Write out the records again exactly and exclude the pictures.

*** Opening Extracted information ***

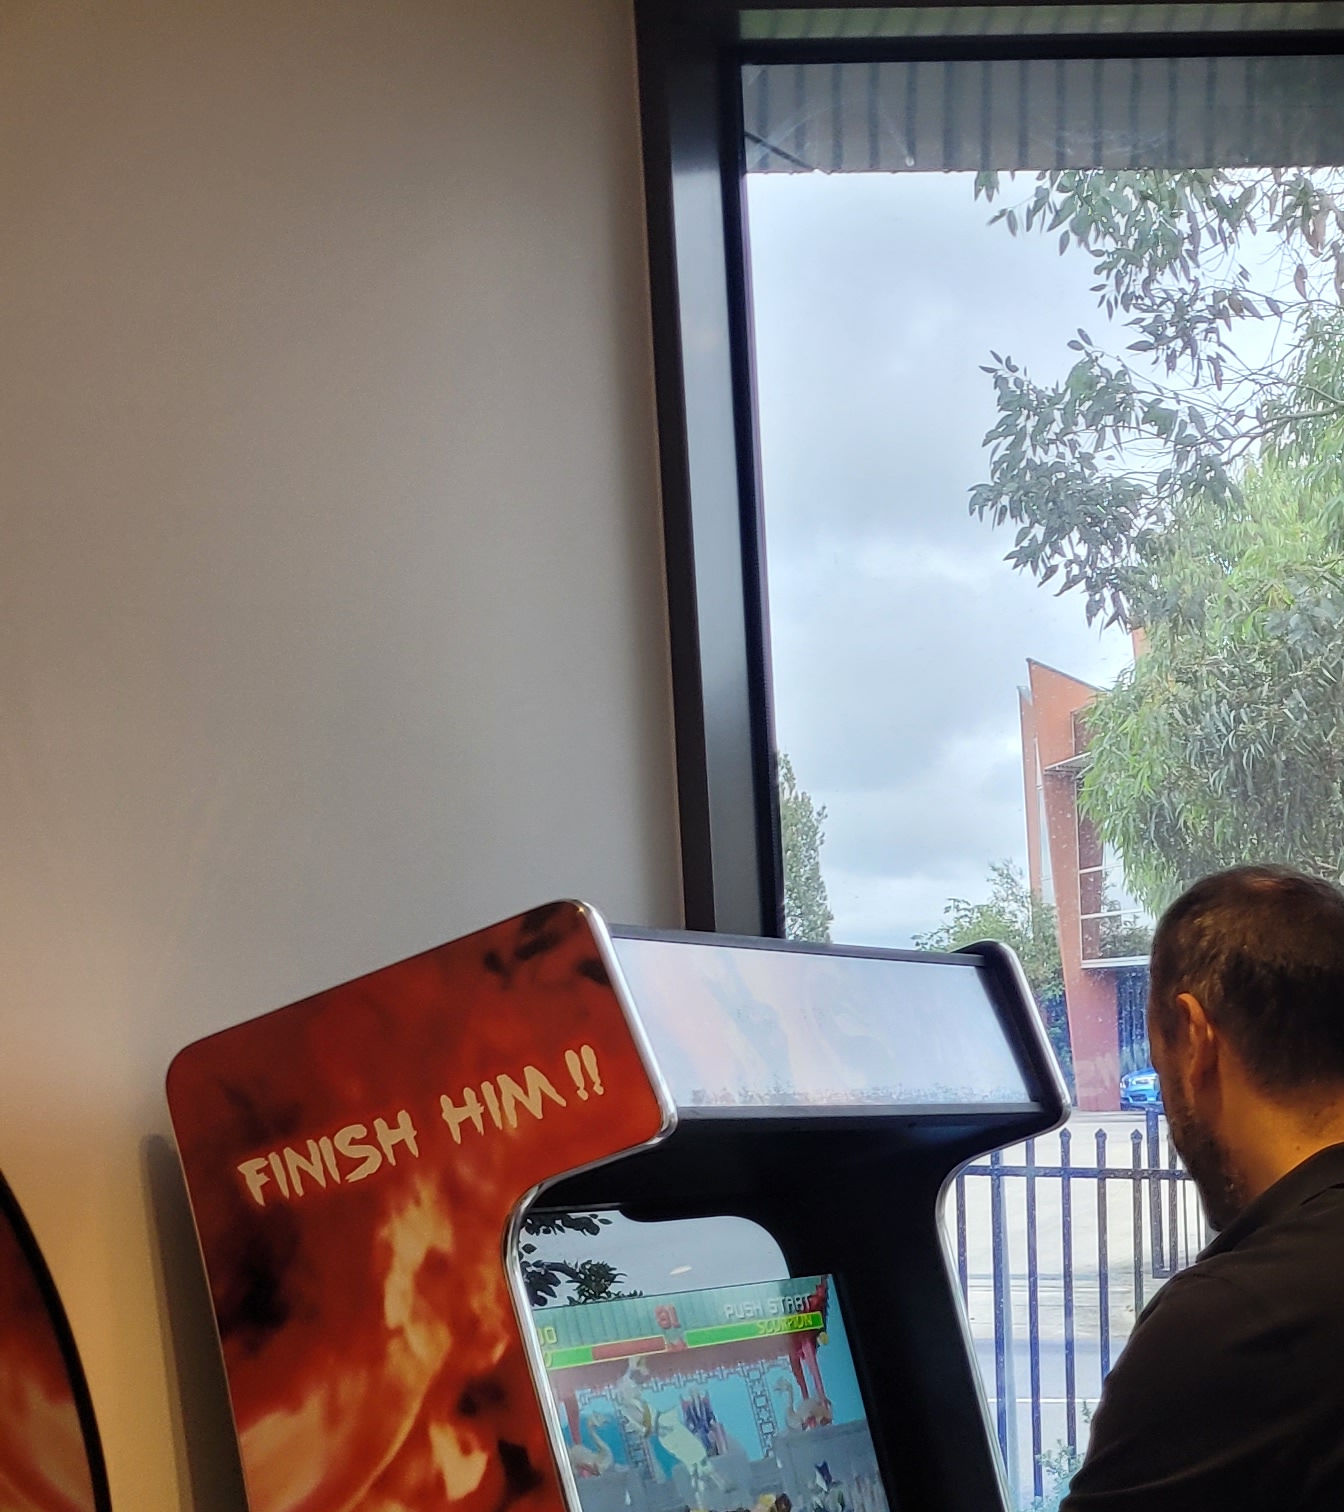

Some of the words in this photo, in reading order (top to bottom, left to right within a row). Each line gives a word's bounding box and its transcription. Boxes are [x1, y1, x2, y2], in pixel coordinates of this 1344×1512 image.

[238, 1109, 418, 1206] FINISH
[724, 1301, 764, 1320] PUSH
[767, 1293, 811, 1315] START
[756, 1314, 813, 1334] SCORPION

*** Closing Extracted information ***

**Solved exercise**
Some of the words in this photo, in reading order (top to bottom, left to right within a row). Each line gives a word's bounding box and its transcription. Boxes are [x1, y1, x2, y2], in pixel coordinates of this 1344×1512 image.

[238, 1109, 418, 1206] FINISH
[724, 1301, 764, 1320] PUSH
[767, 1293, 811, 1315] START
[756, 1314, 813, 1334] SCORPION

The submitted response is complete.